OBVIOUSLY there was this too:
Basically, right, Gaga’s ‘Applause’ was meant to come out on one date, then it started leaking and so she chucked it online three days after ‘Roar’ came out. The consensus was that Gaga was confident ‘Applause’ would hold its own against ‘Roar’, which it didn’t. There were accusations that Gaga was trying to manipulate sales, with Billboard’s Editorial Director Bill Werde criticising Gaga’s social media activity around the release of the single: ”An artist tweeting out and Facebooking a link that enables a fan to hit play and leave their computer is not in the spirit of what we chart”. It was all a bit sadface really. In the end ‘Roar’ entered at Number 1, selling 557,000 copies in a week. ‘Applause’ entered at Number 6, peaked at Number 4 and stayed in the Top Ten for a pretty impressive 14 weeks so no one panic (I mean, people were panicking, but still).
As for the song itself, well it’s just a massive bloody pop song isn’t it.
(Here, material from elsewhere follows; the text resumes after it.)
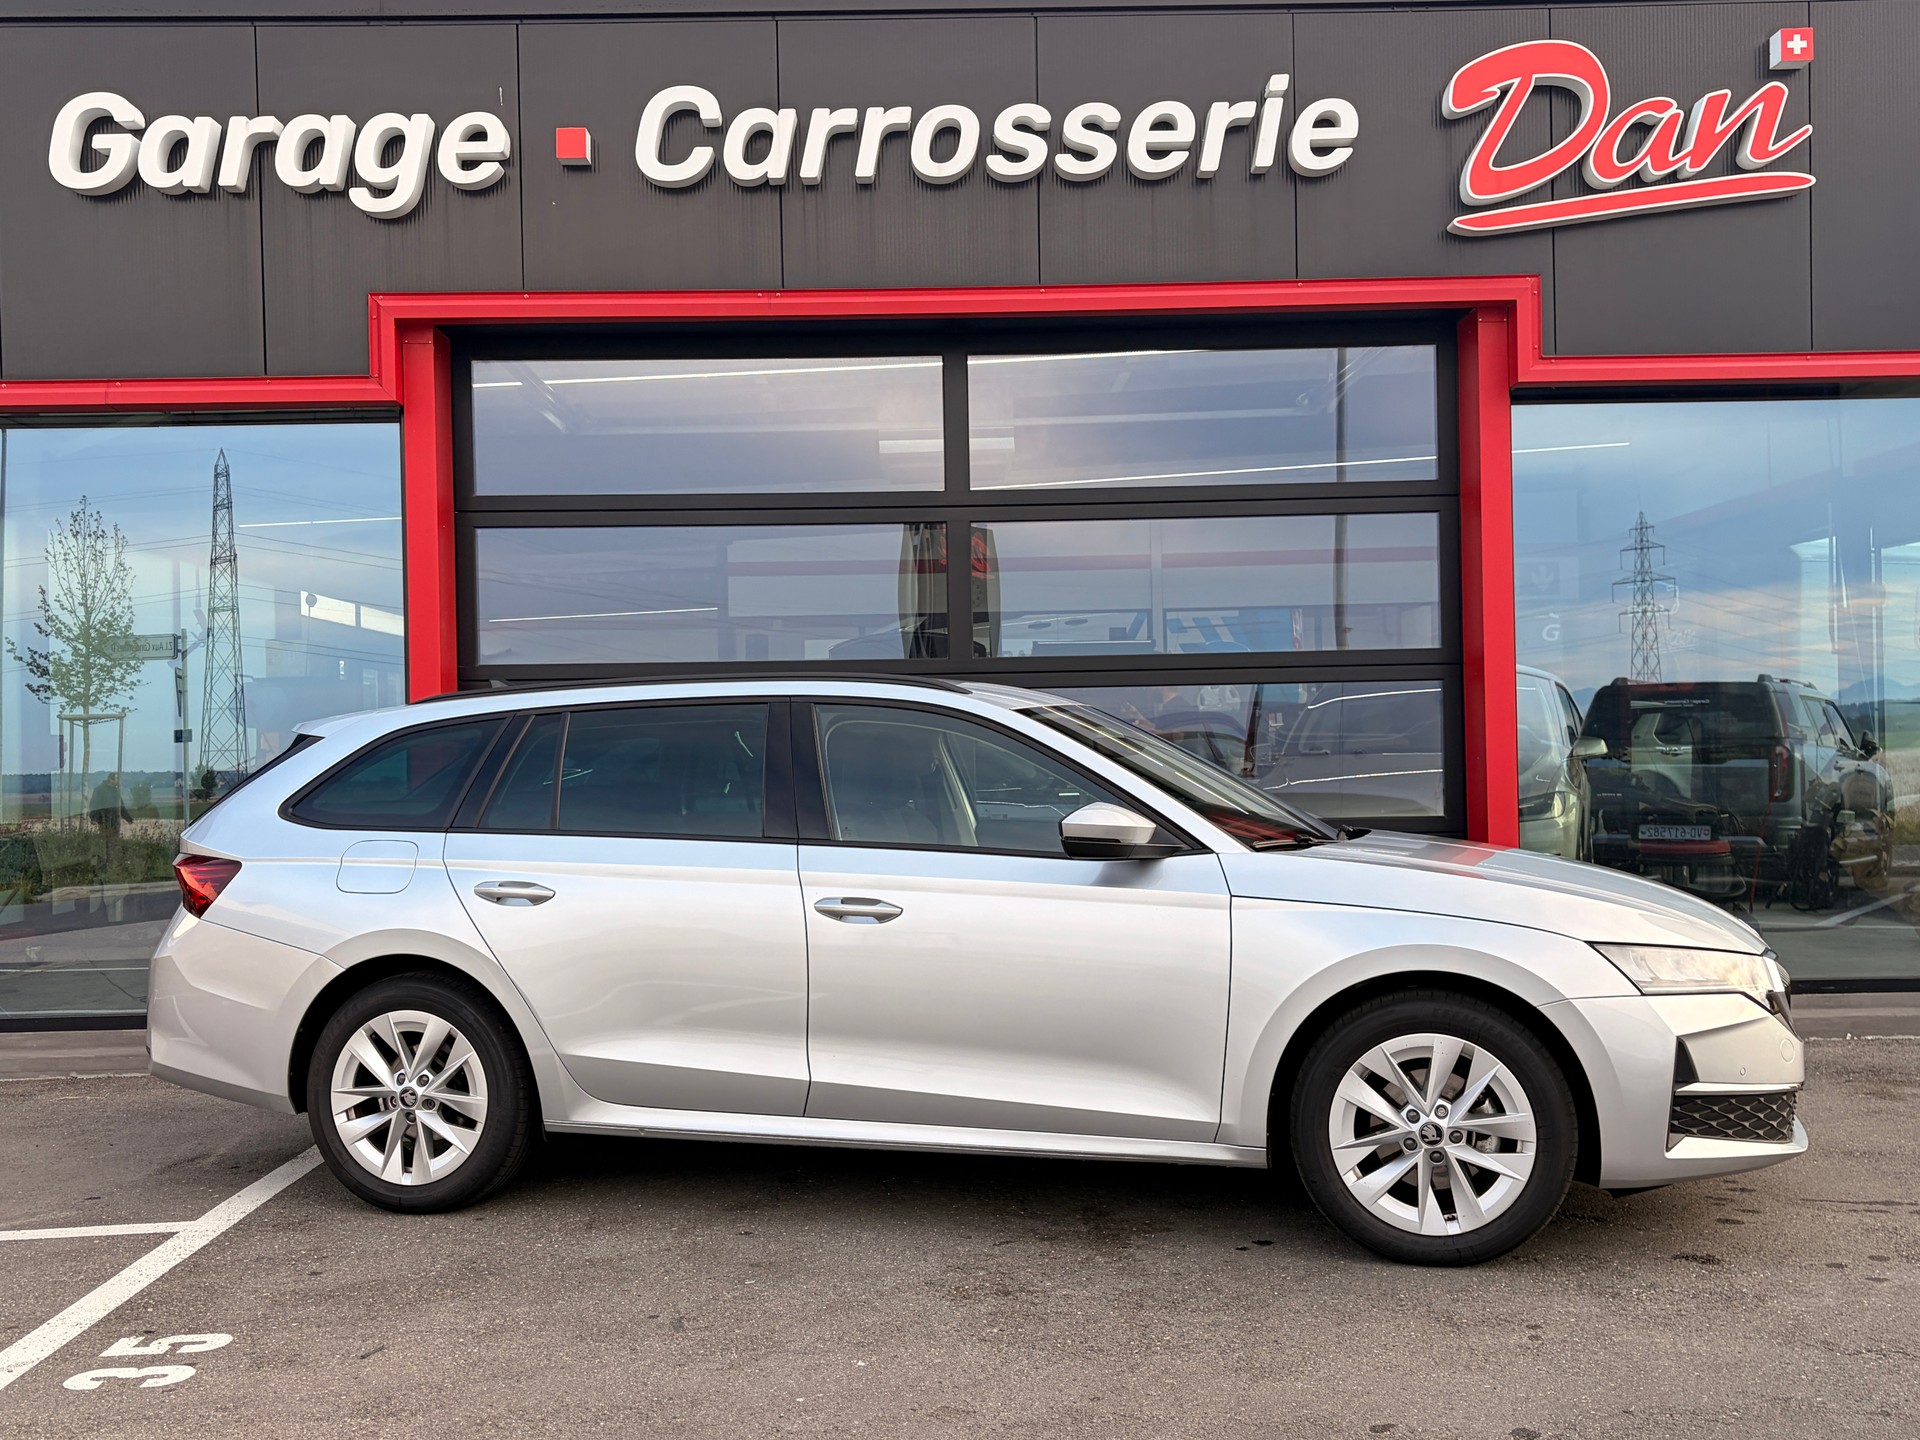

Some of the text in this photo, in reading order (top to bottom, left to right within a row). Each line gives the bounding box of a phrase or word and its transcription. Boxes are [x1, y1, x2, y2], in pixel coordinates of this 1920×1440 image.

[48, 39, 1814, 219] Garage Carrosserie Dan
[62, 1333, 234, 1391] 35
The verses are great, the pre-chorus is immaculate and the chorus itself is the kind of universal, crowd-pleasing classic that feels like it’s existed for decades. Then, just for good measure, they chuck in a wordless post-chorus to make it almost illegally catchy. Oh and it does what all good pop songs should do and basically cuts the second verse in half so we can get to that chorus quicker. ALSO, those lovely twinkly bells that come in for the final few choruses are actual genius. Lyrically the song is one big pick me up. Bonnie McKee said to MTV that it’s “a ‘pick yourself up and dust yourself off and keep going,’ female-empowerment song” and “an epiphany song”. Perry herself said the song, like all of ‘Prism’, was inspired by her trips to therapy. “I wrote it because I was sick of keeping all these feelings inside and not speaking up for myself, which caused a lot of resentment,” she told Radio 1 DJ Scott Mills. “Obviously I’ve been through a lot of therapy since my last record and that’s what this is about.”
Of those ‘teaser’ clips, and her ditching ‘Teenage Dream’ in general, she said: “You’ll see a bit more of a grown-up version of me, which does not equal boring.” ‘Interestingly’, on ‘Prism’, it was when she was self-consciously trying to not be boring (‘Birthday’, ‘This Is How We Do’), things started to fall apart. ‘Roar’ suits her just fine.